Current pixel detector technologies (see figures for the two main approaches) capable of high rates such as those employed by the LHC experiments ATLAS and CMS or the PILATUS and EIGER detectors for X-rays at synchrotron radiation sources are built in a hybrid technology consisting of a passive sensor bump-bonded to an active read-out chip.
This approach has the disadvantages of high cost and large amounts of (heavy) material, which disqualifies it for tracking low momentum particles. Established monolithic pixel technologies (such as the MIMOSA detectors employed by the STAR experiment at RHIC) on the other hand collect charges via diffusion and are thus too slow for high rate applications.

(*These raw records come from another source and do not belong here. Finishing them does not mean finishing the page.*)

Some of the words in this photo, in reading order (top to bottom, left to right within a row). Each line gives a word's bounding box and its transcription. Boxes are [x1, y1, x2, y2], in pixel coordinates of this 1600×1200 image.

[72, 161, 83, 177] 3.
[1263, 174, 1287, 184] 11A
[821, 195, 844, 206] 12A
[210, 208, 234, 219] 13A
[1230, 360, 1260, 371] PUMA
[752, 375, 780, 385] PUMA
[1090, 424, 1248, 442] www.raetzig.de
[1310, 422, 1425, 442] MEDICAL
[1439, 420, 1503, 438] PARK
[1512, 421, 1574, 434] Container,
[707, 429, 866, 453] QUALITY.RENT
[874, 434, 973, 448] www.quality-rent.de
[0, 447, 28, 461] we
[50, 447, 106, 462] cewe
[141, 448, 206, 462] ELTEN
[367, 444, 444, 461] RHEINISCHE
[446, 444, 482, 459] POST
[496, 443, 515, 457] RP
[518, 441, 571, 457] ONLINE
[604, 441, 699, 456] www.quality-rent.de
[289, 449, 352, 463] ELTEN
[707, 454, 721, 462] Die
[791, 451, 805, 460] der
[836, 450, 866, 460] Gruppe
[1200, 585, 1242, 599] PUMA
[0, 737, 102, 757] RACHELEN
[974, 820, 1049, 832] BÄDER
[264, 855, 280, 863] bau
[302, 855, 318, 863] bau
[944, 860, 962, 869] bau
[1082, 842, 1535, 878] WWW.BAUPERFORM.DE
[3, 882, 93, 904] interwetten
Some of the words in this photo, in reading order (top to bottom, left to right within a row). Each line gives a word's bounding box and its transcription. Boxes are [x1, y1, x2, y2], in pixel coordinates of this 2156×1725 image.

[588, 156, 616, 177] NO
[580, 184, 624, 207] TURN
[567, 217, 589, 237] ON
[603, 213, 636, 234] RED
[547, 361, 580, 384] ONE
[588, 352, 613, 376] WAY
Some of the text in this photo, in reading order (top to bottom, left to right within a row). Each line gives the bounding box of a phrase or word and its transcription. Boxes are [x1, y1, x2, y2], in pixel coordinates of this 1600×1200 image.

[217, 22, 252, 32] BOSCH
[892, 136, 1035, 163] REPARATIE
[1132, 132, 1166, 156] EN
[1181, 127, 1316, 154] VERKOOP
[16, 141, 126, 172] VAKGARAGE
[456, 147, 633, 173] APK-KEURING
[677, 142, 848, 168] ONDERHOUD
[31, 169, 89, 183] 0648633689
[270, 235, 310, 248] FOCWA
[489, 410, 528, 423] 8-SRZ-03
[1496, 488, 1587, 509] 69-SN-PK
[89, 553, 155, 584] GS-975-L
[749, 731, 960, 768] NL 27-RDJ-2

The novel High Voltage Monolithic Active Pixel Sensors (HV-MAPS) developed by Ivan Perić (Karlsruhe Institute of Technology, KIT, formerly ZITI, Heidelberg University) use a commercial CMOS process qualified for “high” voltages up to 120 V. This allows fast collection of charges via drift whilst at the same time integrating the read-out electronics on the same die. As the active region is very thin, the sensors can be thinned to below 50 μm. This makes HV-MAPS ideally suited for tracking low momentum particles at very high rates.
In close collaboration with the Mu3e group at the physics institute in Heidelberg and Ivan Perić, we have characterized a series of prototype HV-MAPS sensors, both in the respective labs and in test beam campaigns at CERN, DESY and MAMI in Mainz.